We now proceed to the next step of the argument, which, as yet, makes no appeal beyond experience. We assume that mankind at large anticipates and desires that Justice may be done. Is it done in this world? We have seen that it is not outwardly or perspicuously vindicated,—is there, nevertheless, room left to suppose that it possibly may have been fulfilled in ways hidden from us, such as the satisfaction of a mens conscia recti, or the misery of secret remorse ?
The answer to this question has been commonly evaded, or the question itself blinked, under what I conceive to be a most mistaken sense of reverence to God. Sometimes we are told it is not for us to say what is Justice; and sometimes we are reminded how little we can guess the hidden joys and pangs of our fellowcreatures, and how easily these may counterbalance all external conditions. I do not think the case is so obscure as is alleged, and I am quite sure that reverence for God never requires us to close our eyes to facts. What is in question is not any abstract or occulta Justitia, but precisely our idea of Justice—that expectation which, by some means or other, has been raised in the hearts of men from the beginning of history till now. Is that fulfilled, or room left for its fulfilment, in this world? I do not hesitate to affirm that it is not fulfilled-and that in thousands of cases there is no room left wherein it can possibly be fulfilled up to the hour of death. No retribution which could satisfy it has had space to be exhibited. The tyrant with his last breath has crowned the pyramid of his crimes and died with the smile of gratified cruelty on his lips. The martyr has expired in tortures of body and of mind. Nothing that can be imagined to have been experienced of remorse in the one soul, or of joy in the other, would rectify the balance.
Two classes of readers will demur to what I have to say on this topic. One will take the injustice of the world to be so notorious a fact as to need no elaborate proof, and will resent as superfluous any attempt to establish it. The other will be shocked by the naked statement, and may even contradict it with impatience. Let us clear up our position a little. What a welldeveloped sense of Justice requires for its satisfaction is, that no one being shall suffer more than he has deserved, or undergo the penalty of another's guilt. It is nothing to the satisfaction of such Justice that nine hundred and ninety-nine persons are treated with exactest equity, if the humblest and meanest bears sufferings disproportioned to his deserts ; nor if the punishment which A has merited falls upon B, and the reward of the virtue of C be enjoyed by D. A single instance of positive injustice done to a single individual would suffice to decide the point. Justice is not fulfilled on earth if there has been one such case since creation.

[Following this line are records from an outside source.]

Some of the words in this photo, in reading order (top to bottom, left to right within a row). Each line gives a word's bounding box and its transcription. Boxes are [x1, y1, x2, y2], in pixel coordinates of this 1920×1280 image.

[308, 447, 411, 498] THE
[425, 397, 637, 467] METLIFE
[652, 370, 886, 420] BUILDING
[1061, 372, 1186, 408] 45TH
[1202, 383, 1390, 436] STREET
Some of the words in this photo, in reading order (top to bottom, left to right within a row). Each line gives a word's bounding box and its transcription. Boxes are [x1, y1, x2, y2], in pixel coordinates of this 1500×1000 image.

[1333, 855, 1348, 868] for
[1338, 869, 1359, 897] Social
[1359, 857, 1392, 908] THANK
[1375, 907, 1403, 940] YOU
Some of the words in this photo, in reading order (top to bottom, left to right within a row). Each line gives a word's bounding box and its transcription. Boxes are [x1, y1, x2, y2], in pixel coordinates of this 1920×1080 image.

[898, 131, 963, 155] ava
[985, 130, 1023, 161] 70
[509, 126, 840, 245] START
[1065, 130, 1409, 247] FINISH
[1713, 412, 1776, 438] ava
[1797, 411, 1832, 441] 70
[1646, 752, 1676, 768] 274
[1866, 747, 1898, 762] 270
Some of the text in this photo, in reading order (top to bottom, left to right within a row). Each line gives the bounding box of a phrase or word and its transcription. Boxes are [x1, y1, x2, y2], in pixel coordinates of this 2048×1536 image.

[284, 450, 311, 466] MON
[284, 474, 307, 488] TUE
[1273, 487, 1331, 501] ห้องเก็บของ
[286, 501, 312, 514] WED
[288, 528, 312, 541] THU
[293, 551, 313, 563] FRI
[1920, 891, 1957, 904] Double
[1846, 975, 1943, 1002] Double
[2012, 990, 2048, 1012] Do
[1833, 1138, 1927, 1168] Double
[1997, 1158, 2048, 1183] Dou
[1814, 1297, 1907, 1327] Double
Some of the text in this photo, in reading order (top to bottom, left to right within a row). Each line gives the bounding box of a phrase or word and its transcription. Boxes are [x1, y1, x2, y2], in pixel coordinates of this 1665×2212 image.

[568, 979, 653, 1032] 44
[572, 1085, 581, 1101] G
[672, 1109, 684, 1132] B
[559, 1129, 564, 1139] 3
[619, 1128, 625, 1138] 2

Now will any one dispute that such cases have occurred, not singly, but by hundreds and thousands? Of course there are innumerable instances, seemingly of crying injustice, in which, could we see behind the scenes and know all the bearings of the matter, we should find no injustice at all. But there are also other instances in which, rationally speaking, it is certain there was injustice, and no further knowledge conceivable could alter our judgment. With all reverence I will endeavour to state one such case, about which there can be little obscurity.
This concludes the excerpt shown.